§ Recorded information
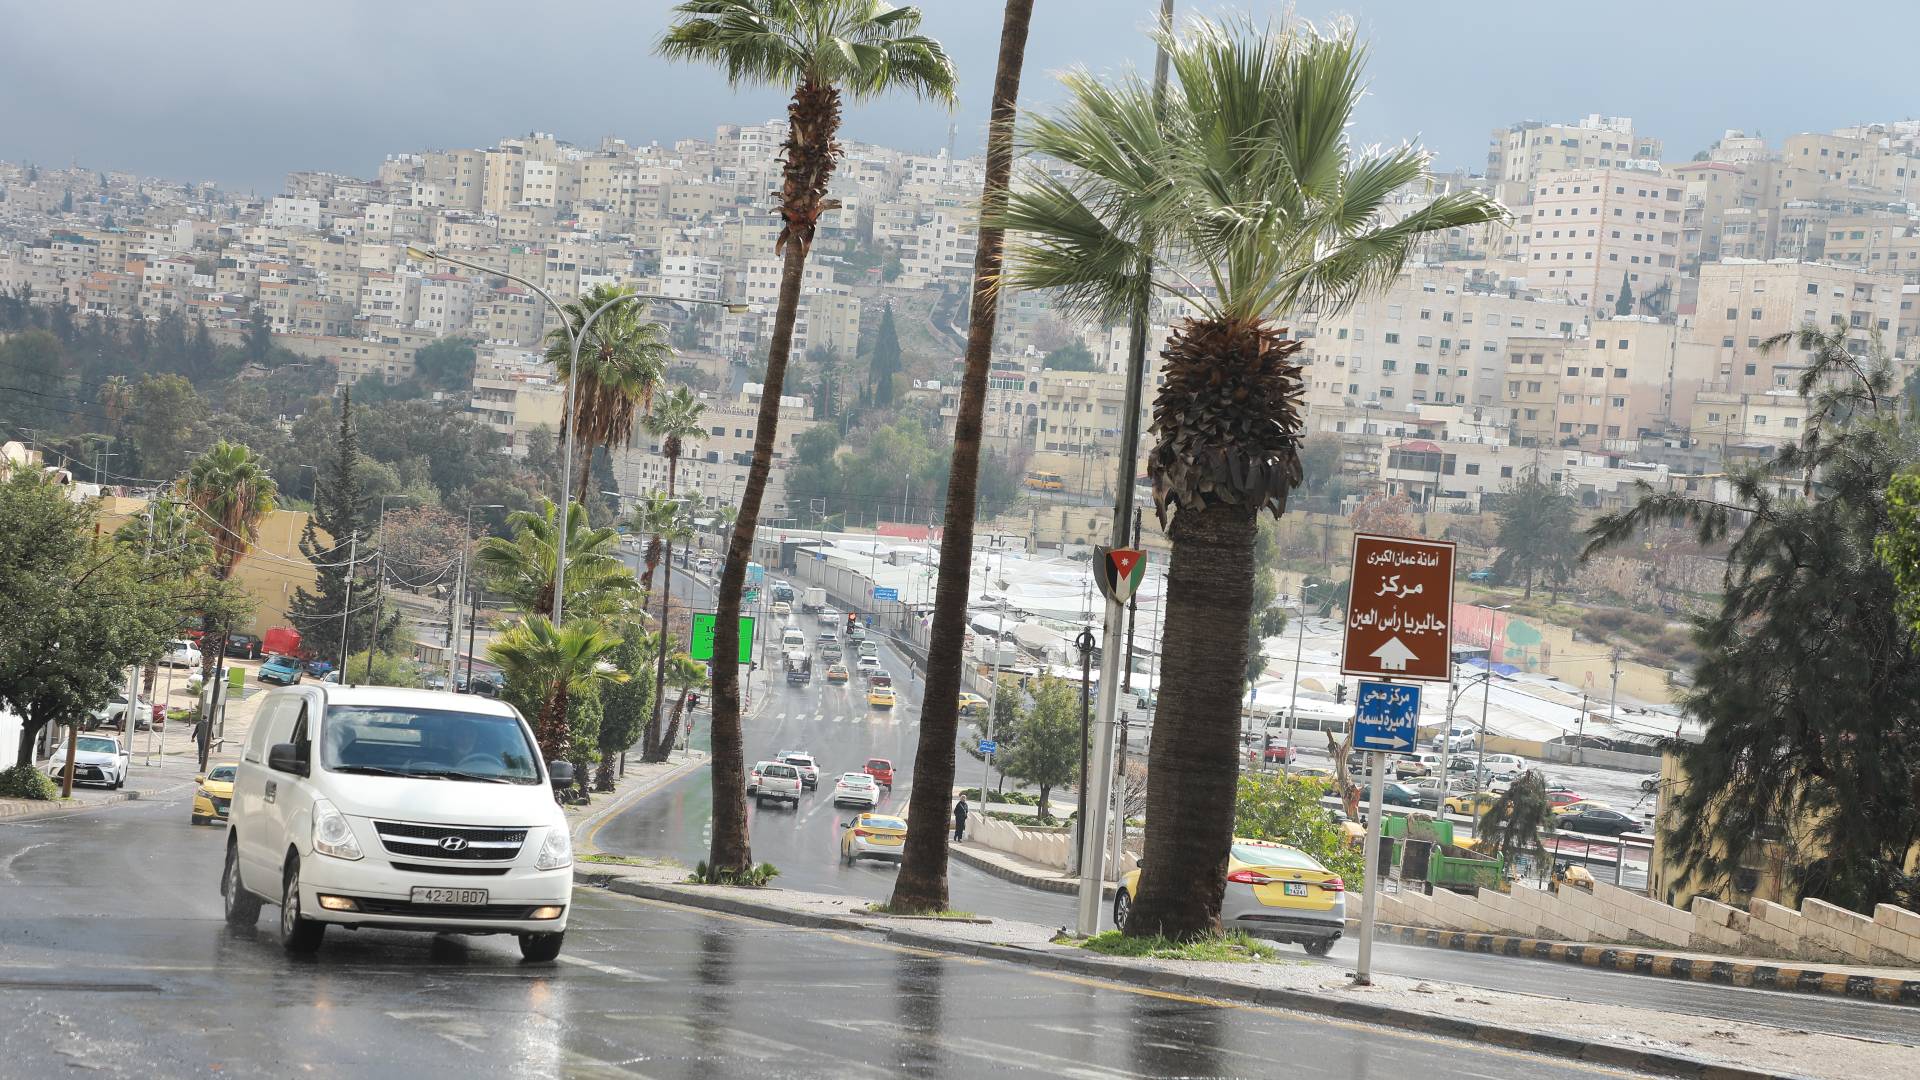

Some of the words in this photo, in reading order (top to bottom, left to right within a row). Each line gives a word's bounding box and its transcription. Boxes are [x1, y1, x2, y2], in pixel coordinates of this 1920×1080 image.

[1367, 549, 1395, 566] الكبرى
[1394, 551, 1416, 566] عمان
[1417, 551, 1439, 566] أمانة
[1375, 575, 1423, 598] مركز
[1350, 608, 1378, 630] العين
[1378, 604, 1401, 632] رأس
[1404, 611, 1446, 636] جاليريا
[1363, 690, 1387, 705] صحي
[1387, 688, 1410, 706] مركز
[1357, 705, 1384, 731] بسمة
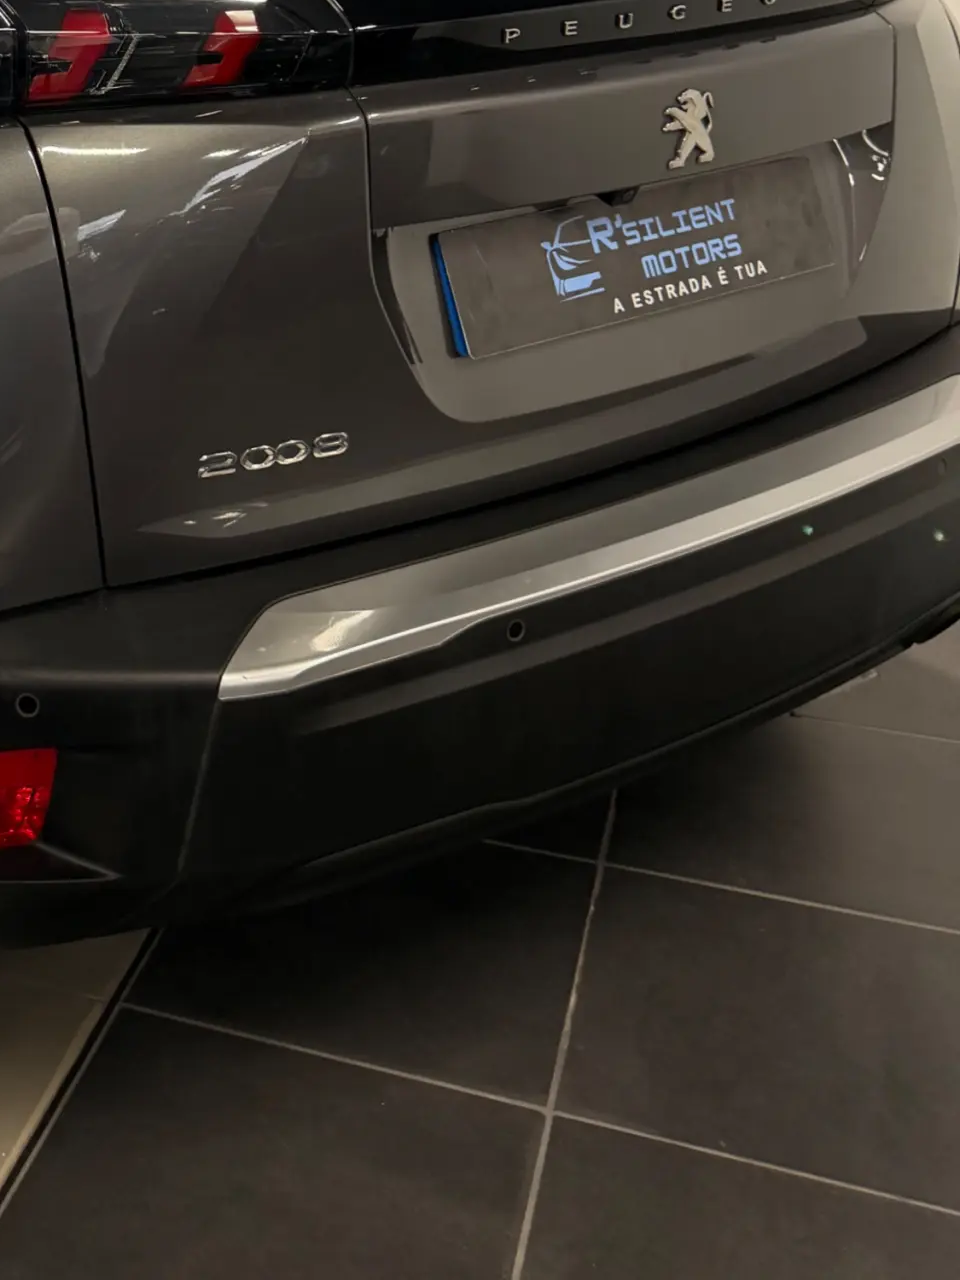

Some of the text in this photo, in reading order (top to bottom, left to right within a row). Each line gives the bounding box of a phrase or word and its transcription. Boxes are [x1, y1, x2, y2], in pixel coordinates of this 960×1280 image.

§ Aim of the exercise
When copying, output the data exactly and leave out the pictures.

§ Response below
Some of the words in this photo, in reading order (top to bottom, left to right within a row). Each line gives a word's bounding box and its transcription. Boxes are [x1, y1, x2, y2], in pixel coordinates of this 1920×1080 image.

[1367, 549, 1395, 566] الكبرى
[1394, 551, 1416, 566] عمان
[1417, 551, 1439, 566] أمانة
[1375, 575, 1423, 598] مركز
[1350, 608, 1378, 630] العين
[1378, 604, 1401, 632] رأس
[1404, 611, 1446, 636] جاليريا
[1363, 690, 1387, 705] صحي
[1387, 688, 1410, 706] مركز
[1357, 705, 1384, 731] بسمة

Some of the text in this photo, in reading order (top to bottom, left to right within a row). Each line gives the bounding box of a phrase or word and its transcription. Boxes are [x1, y1, x2, y2], in pixel coordinates of this 960×1280 image.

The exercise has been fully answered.